Hacker News new | ask | show | jobs
by bwblabs 4906 days ago
A no-www domain might not be the best solution if you ever want a 'Cookie-free Domain' (static.) for images etc. which speeds up your site. If you start with a no-www domain you have to setup a different domain (no subdomain) for it: like sstatic.net for SO, ytimg.com for YT and yimg.com for Yahoo.

When the browser makes a request for a static image and sends cookies together with the request, the server doesn't have any use for those cookies. So they only create network traffic for no good reason. You should make sure static components are requested with cookie-free requests. Create a subdomain and host all your static components there.

If your domain is www.example.org, you can host your static components on static.example.org. However, if you've already set cookies on the top-level domain example.org as opposed to www.example.org, then all the requests to static.example.org will include those cookies. In this case, you can buy a whole new domain, host your static components there, and keep this domain cookie-free.

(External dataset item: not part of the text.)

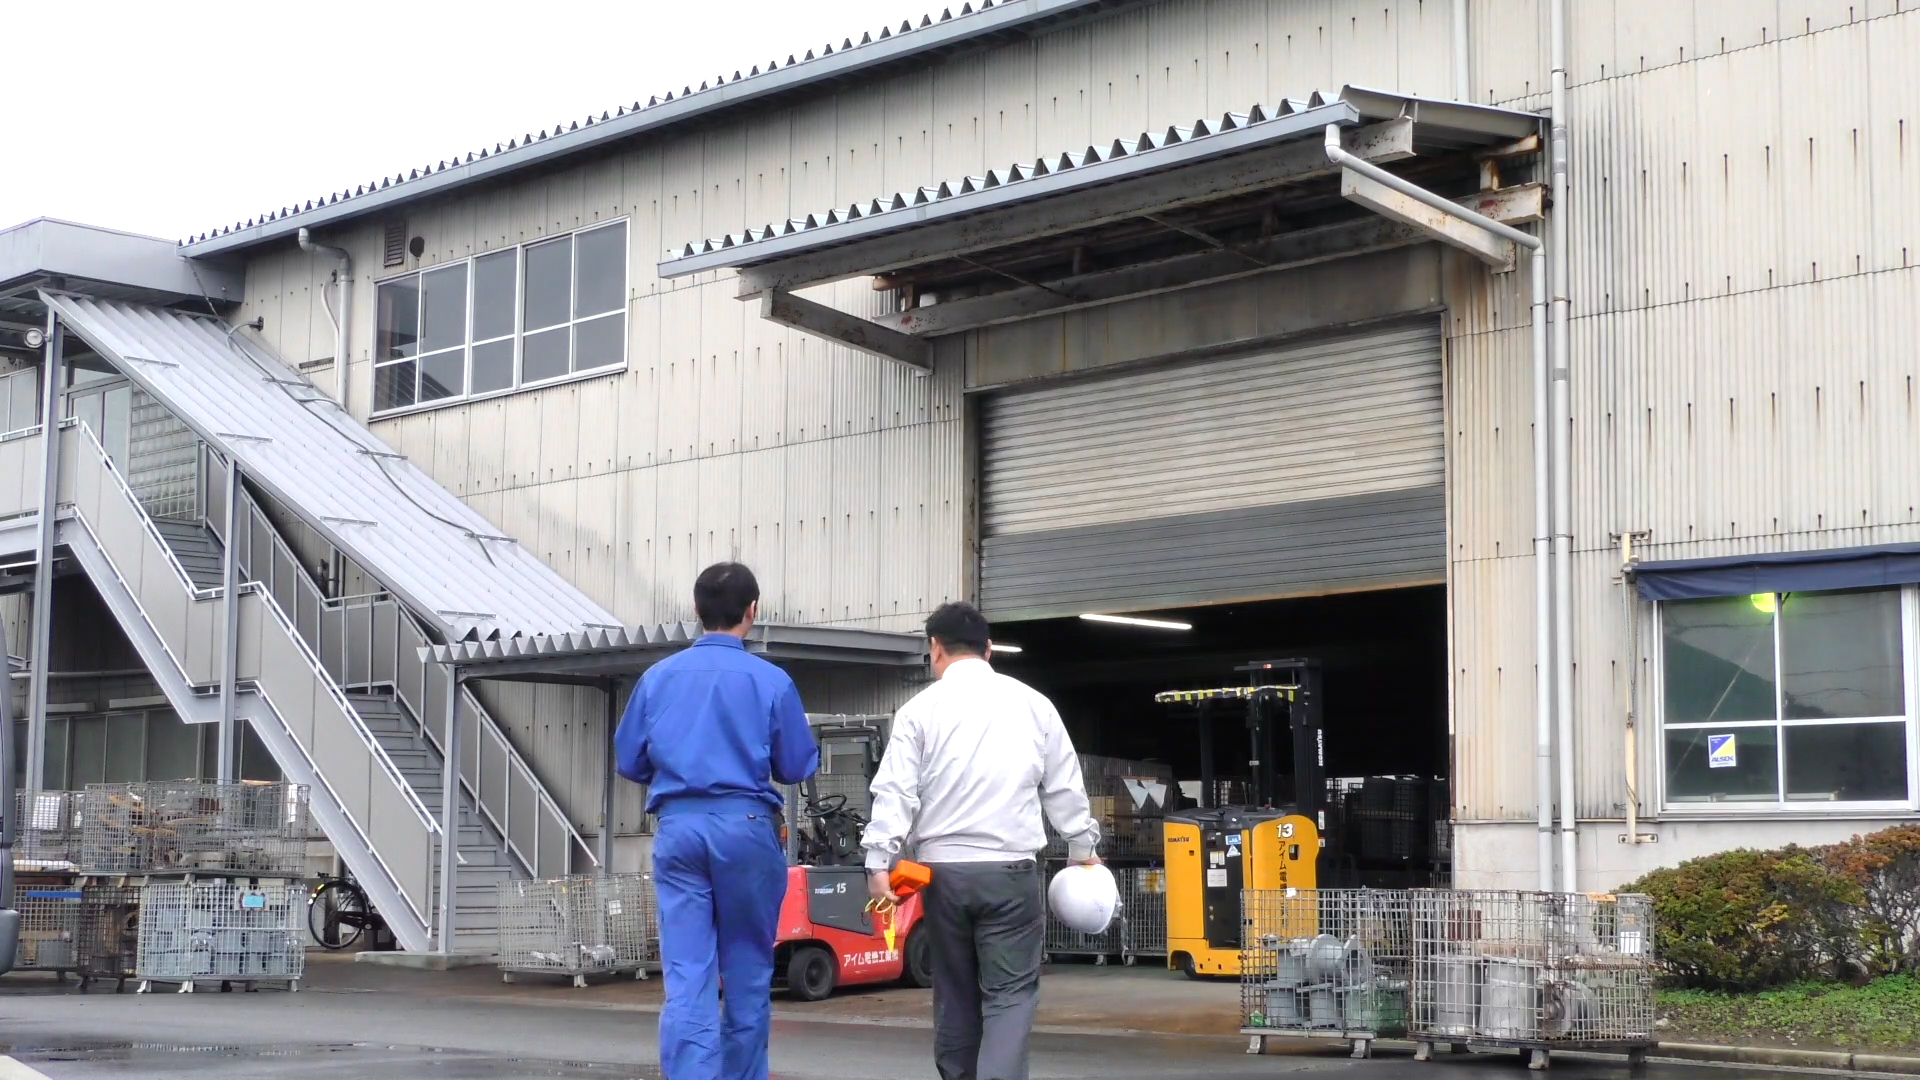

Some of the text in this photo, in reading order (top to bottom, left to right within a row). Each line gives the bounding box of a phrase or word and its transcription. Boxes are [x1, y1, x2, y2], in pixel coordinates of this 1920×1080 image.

http://developer.yahoo.com/performance/rules.html#cookie_fre...

2 comments

I'm not sure that works well with SPDY; it would prefer the same domain?
I never considered this before. A great tip, thanks
Bear in mind that making sure requests for static content don't send cookies is pretty far down the front-end optimisation ladder - there are normally a lot of things you can do first that are quicker, easier, and have a bigger impact.
Well another thing is that it's easier to setup GEO-ip stuff in a CNAME (so www) instead of the root A records, for now at least in PowerDNS (used by Wikipedia etc.). You're completely right, but if your sites ever scales to something big you're not in the best position with a no-www, in my view having a www record (and no-www redirect) has more benefits that a no-www.